It’s a pretty stomach-turning feeling when positive news highlights a widespread deficiency.

That’s precisely the realization we confronted as our hands began to meet in applause for the fourth township in Leelanau County to choose to enact its own septic testing ordinance. Centerville Township trustees’ decision to enact rules that require septic system inspections before a home can be sold just makes sense.

The new rules require a seller to prove a home’s sewage treatment mechanism is in good working order before a house can be transferred to a new owner.

It’s the kind of move that helps protect our precious water resources from aging and failing home sewage systems that are prevalent in communities across Michigan.

It’s a win for the natural resources that in some way or another enticed each of us to make this place our home — or home away from home.

What doesn’t make sense is the underlying caveat in the news of Centerville Township’s rules change. The fact is, the township wouldn’t need to spend a year developing and debating its new septic inspection rules if our state lawmakers would show a little initiative and enact statewide regulations to help ensure failing septic systems don’t contaminate our lakes, streams and underground drinking water.

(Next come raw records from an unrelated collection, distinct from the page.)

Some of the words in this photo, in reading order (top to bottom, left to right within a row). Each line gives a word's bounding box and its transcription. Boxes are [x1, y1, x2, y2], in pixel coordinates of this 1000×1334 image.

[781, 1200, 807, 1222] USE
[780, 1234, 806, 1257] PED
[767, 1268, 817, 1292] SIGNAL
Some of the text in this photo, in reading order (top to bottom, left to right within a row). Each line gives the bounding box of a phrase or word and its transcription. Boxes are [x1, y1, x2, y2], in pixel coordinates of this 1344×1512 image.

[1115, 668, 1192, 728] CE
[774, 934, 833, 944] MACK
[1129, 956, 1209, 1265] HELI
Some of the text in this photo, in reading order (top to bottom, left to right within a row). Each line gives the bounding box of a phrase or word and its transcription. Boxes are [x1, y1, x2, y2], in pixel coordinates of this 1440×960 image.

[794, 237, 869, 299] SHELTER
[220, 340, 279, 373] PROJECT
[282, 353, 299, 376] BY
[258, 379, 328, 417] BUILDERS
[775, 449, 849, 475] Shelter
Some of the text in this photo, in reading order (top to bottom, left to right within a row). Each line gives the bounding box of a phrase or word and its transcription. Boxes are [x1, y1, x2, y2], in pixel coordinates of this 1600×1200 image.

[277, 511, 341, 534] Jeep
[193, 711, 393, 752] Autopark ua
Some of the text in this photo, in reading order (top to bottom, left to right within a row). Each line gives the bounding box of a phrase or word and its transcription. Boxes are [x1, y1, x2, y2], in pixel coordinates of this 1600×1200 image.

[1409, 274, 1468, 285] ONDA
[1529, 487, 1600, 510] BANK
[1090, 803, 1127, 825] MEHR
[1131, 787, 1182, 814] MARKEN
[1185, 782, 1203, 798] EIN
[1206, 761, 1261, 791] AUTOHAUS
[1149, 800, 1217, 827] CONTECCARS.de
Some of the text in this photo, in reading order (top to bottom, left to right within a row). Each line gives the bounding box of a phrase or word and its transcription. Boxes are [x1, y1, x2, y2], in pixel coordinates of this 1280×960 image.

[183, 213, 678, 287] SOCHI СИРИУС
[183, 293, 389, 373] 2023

In fact, it’s one of the most embarrassing and perplexing gaps in our state’s legal volumes. If we think for a moment, we can find a state regulation for just about every part of our lives. So how can Michigan, the Great Lakes State, be the only state in the nation without a regulation for home septic systems?

The above question sounds absurd because it is. But it’s also the reality highlighted in the subtext surrounding Centerville and other townships’ efforts to strike their own rules to ensure decades old, dilapidated home sewage treatment infrastructure doesn’t destroy our water. In a state where experts estimate there are nearly 1.5 million septic systems, a little oversight seems like a pretty important bar to rise above.

Instead, we are left to rely upon a patchwork of township and county governments’ decisions to provide oversight where the state has failed.

We appreciate forward-thinking efforts undertaken by many elected officials across northern Michigan, important decisions to protect our natural places.

We just wish our state leaders would step up and make such efforts unnecessary.